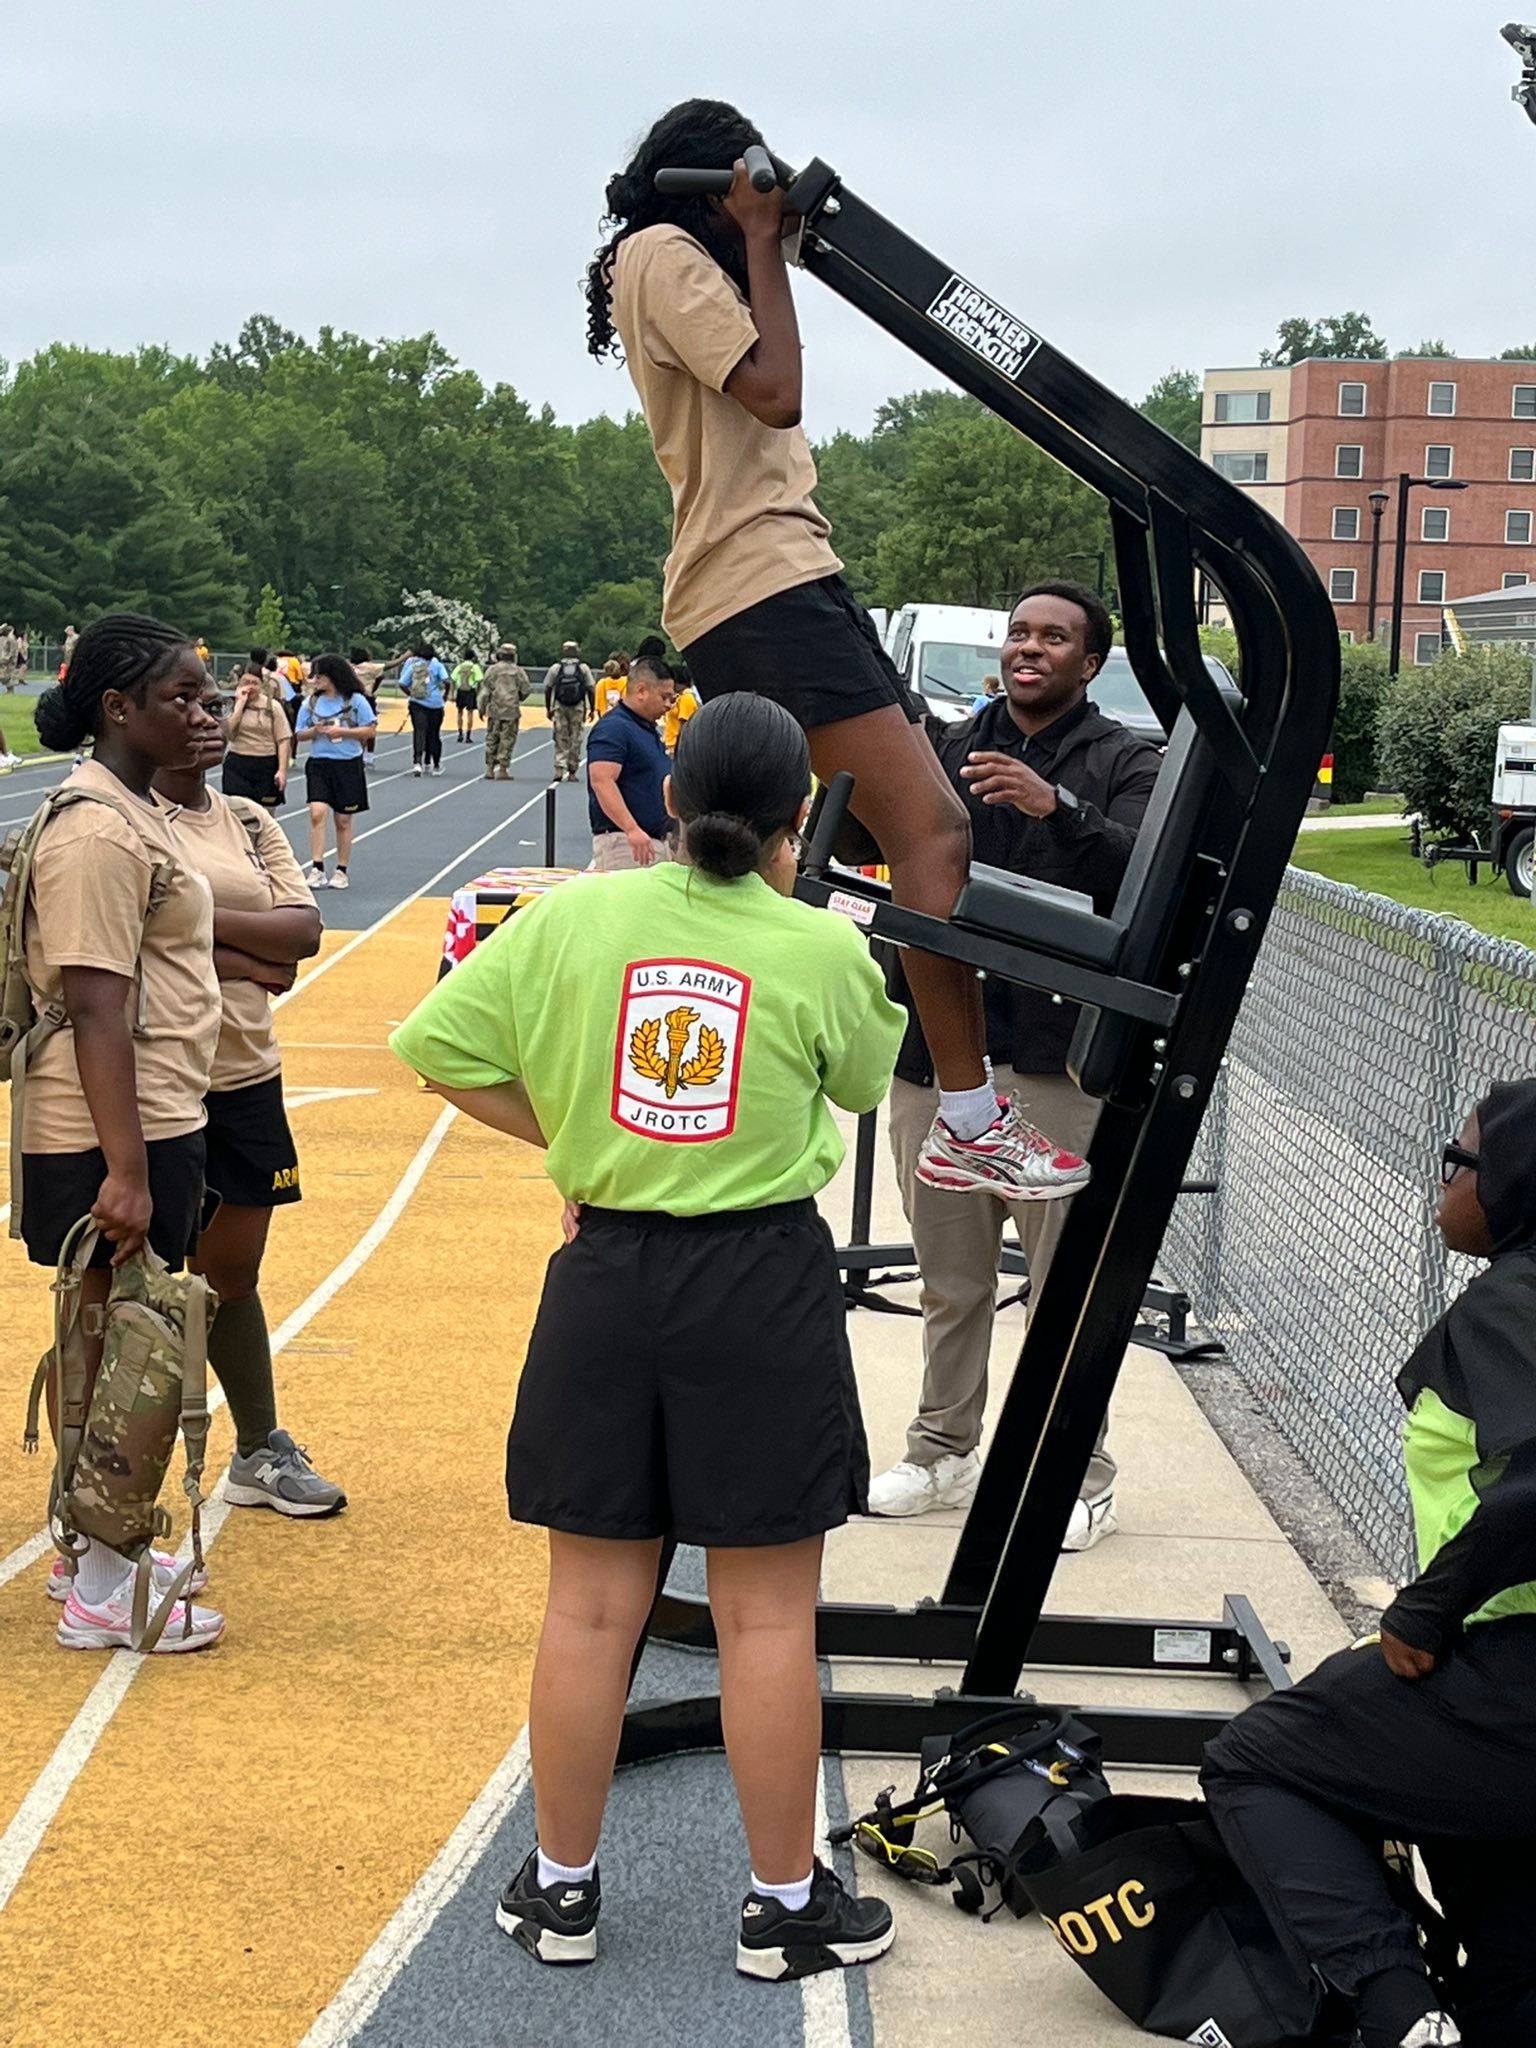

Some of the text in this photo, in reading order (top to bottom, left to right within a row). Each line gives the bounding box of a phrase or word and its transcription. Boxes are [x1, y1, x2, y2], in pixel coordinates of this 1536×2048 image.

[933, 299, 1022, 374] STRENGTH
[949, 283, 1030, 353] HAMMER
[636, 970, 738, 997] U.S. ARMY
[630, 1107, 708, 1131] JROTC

AIM OF THE TASK ▸ In your copy of the entries above, keep the text exact and leave out the pictures.

OUTPUT FOR THIS EXERCISE ▸
Some of the text in this photo, in reading order (top to bottom, left to right within a row). Each line gives the bounding box of a phrase or word and its transcription. Boxes are [x1, y1, x2, y2], in pixel coordinates of this 1536×2048 image.

[933, 299, 1022, 374] STRENGTH
[949, 283, 1030, 353] HAMMER
[636, 970, 738, 997] U.S. ARMY
[630, 1107, 708, 1131] JROTC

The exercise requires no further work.